Fr., 01. November 2019, 14:13 Uhr
HSG WORMS: Letztes Rheinhessen-Derby am 3. November um 18 Uhr gegen die HSG Rhein-Nahe in der Nikolaus-Doerr-Halle
„Der Druck liegt bei uns"
Die Wormser Drachen spielen am Wochenende das dritte und damit letzte Rheinhessen-Derby in der Hinrunde der Oberliga-Saison. Am Sonntagabend gastiert zu gewohnter Anwurfzeit, um 18 Uhr, die HSG Rhein-Nahe in der Nikolaus-Doerr-Halle. Während die Gäste aus Bingen mit respektablen acht Punkten ein wenig Luft zum Tabellenkeller haben, steht die HSG aus Worms mit lediglich vier Zählern da und braucht einen Derbysieg ganz dringend. „Der Druck liegt bei uns, dessen sind wir uns alle bewusst.

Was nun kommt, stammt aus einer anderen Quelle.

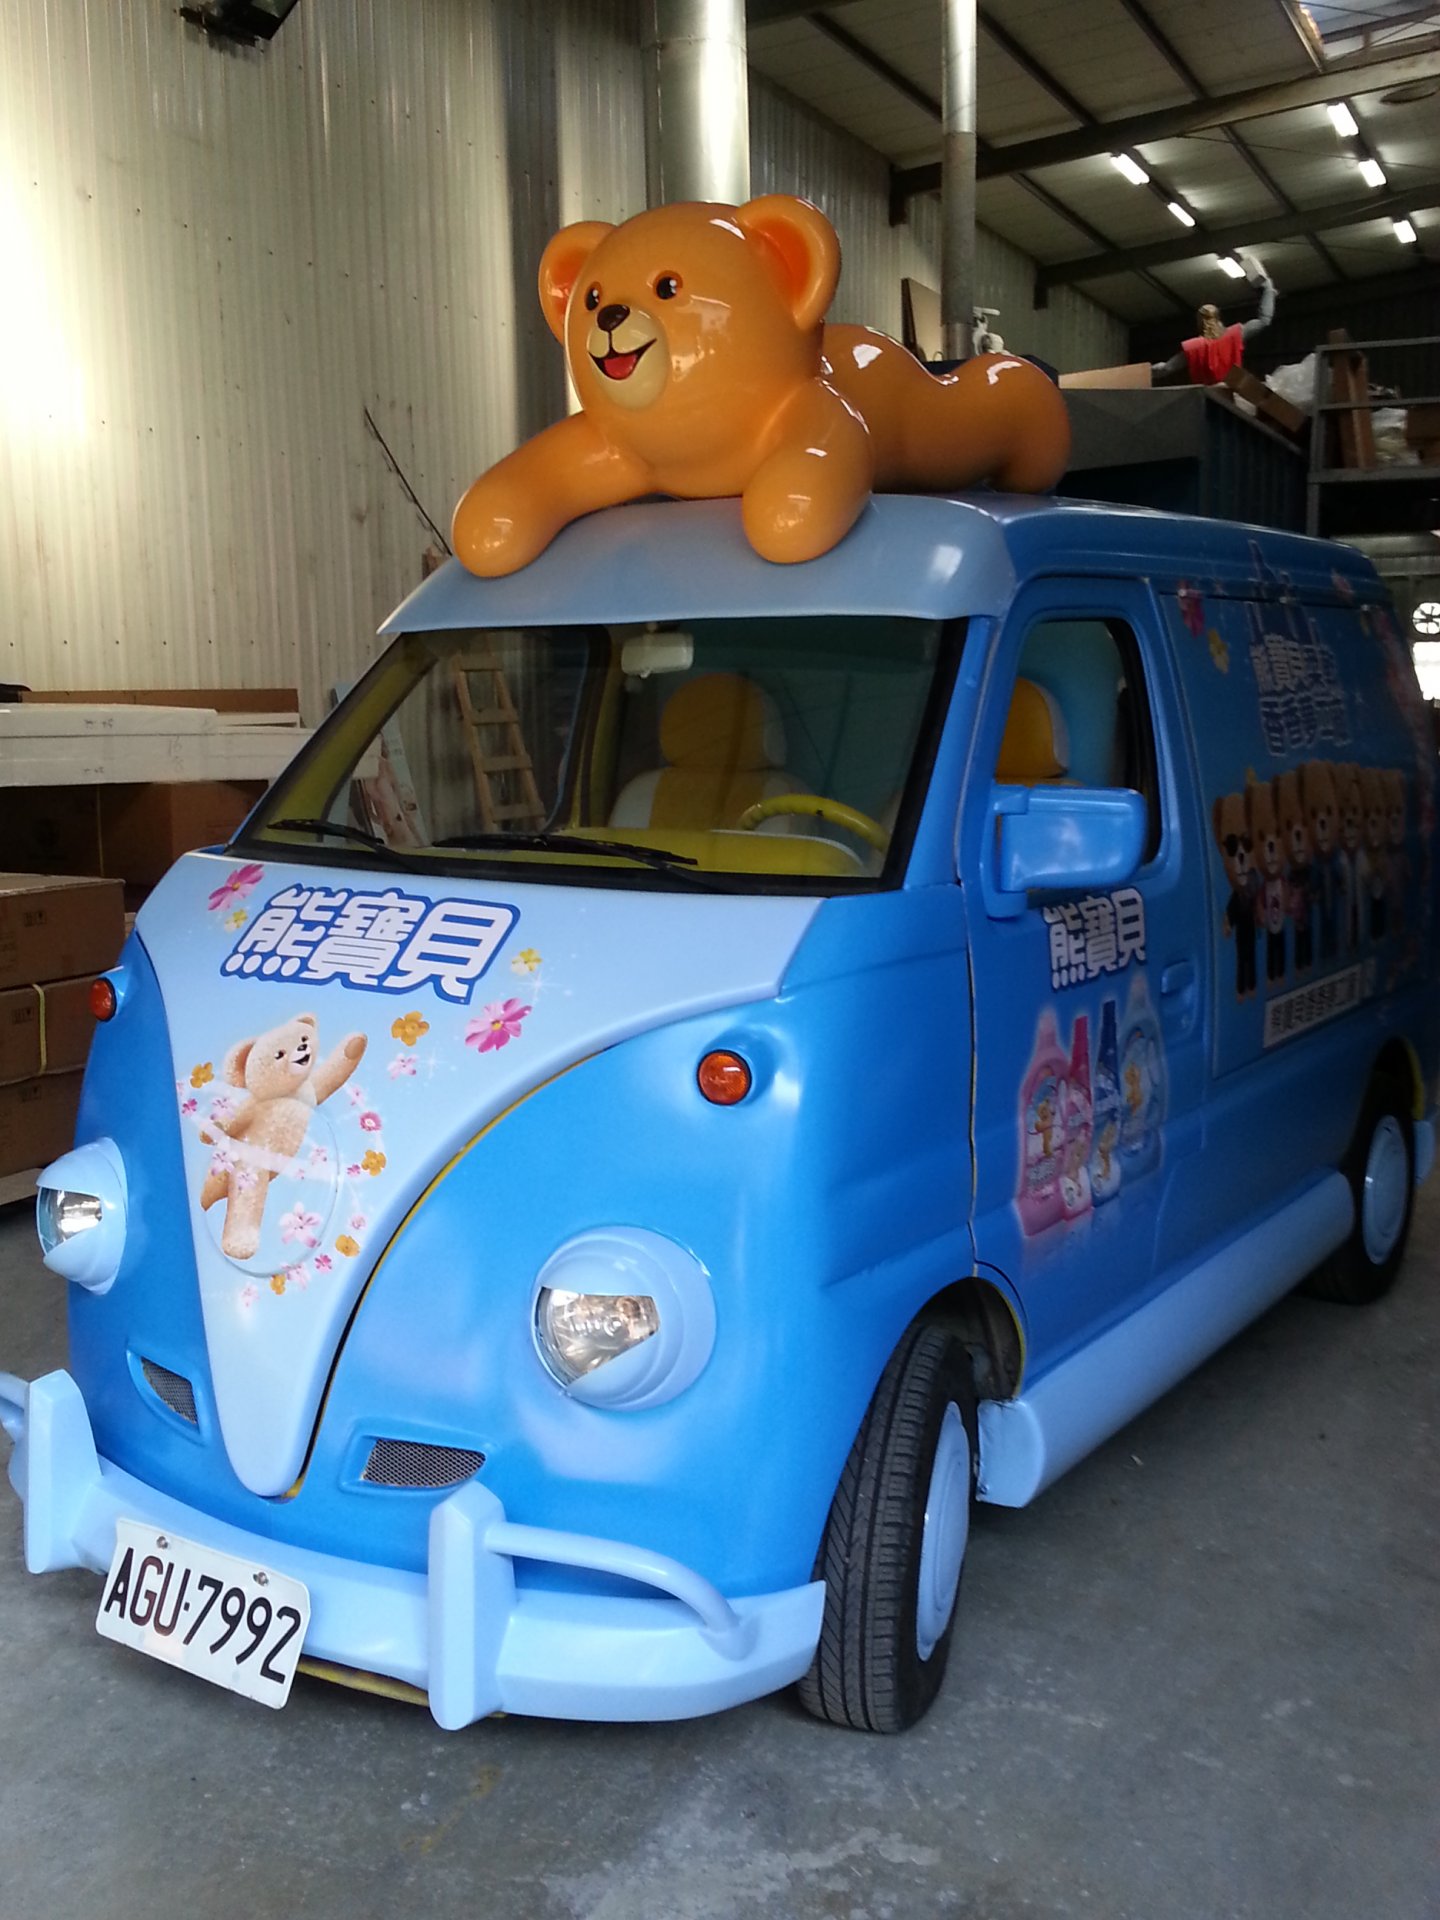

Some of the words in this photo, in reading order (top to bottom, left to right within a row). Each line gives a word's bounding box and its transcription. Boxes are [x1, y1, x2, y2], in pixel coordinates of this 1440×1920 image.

Aber wir sind für die Situation selbst verantwortlichen und können mit einer geschlossenen Mannschaftsleistung auch eine gute und eingespielte Mannschaft wie Bingen schlagen“, sagt HSG-Trainer Marco Tremmel mit Blick auf den kommenden Gegner und den Kampf um den Klassenerhalt.
„Mangelhafte Torausbeute"
In der Vorwoche demonstrierte die Tremmel-Sieben trotz kurzfristiger Ausfälle von Leistungsträgern wie Abwehrchef Julius Herbert, dass sie in Derbys gegen vermeintlich stärkere Mannschaft dagegenhalten kann. „Gegen Saulheim hat uns wie so oft in der Saison aber die mangelhafte Torausbeute das Genick gebrochen. Wir müssen in Sachen Torewerfen jetzt endlichen einen Schritt nach vorne machen und die Chancen konsequenter nutzen. Hinten braucht es gegen Bingen eine stabile Abwehr, die wir über weite Strecken derSaison schon spielen“, sagt Marco Tremmel, der im Derby mit Ausnahme der Langzeitverletzten Luca Steinführer und Timo Hochgesand wahrscheinlich aus den Vollen schöpfen kann. Julius Herbert und Rechtsaußen Steffen Dietz kehren hoffentlich zurück in die Mannschaft, wobei der ältere Herbert-Bruder noch angeschlagen ist. Hinter anderen Spielern steht ein kleines Fragezeichen, gibt es doch ein paar kleine Verletzungen im Kader. „Fakt ist aber wir werden 14 Jungs im Kader stehen haben, von denen sich jeder für den Verein und für die Fans zerreißen muss.“
Haupttorschützen in den Griff bekommen
Neben einem für das Derby notwendigen Einsatz und einer verbesserten Chancenverwertung wird es laut Marco Tremmel die Hauptaufgabe sein den Binger Haupttorschützen Max Grethen in den Griff zu bekommen. Der Rückraumspieler ist jederzeit in der Lage Spiele aus dem Rückraum zu entscheiden. Zur neuen Saison schloss sich mit Henrik Walb ein weiterer Rückraumshooter von der HSG Kastellaun(Simmern an. Im Rückraum verfügen die Gäste aus dem nördlichen Rheinhessen also an enormer Torgefahr. „Darauf sind wir vorbereitet und das möchten wir unseren treuen Fans zeigen - und natürlich die Punkte Daheim behalten“; sagt Marco Tremmel abschließend.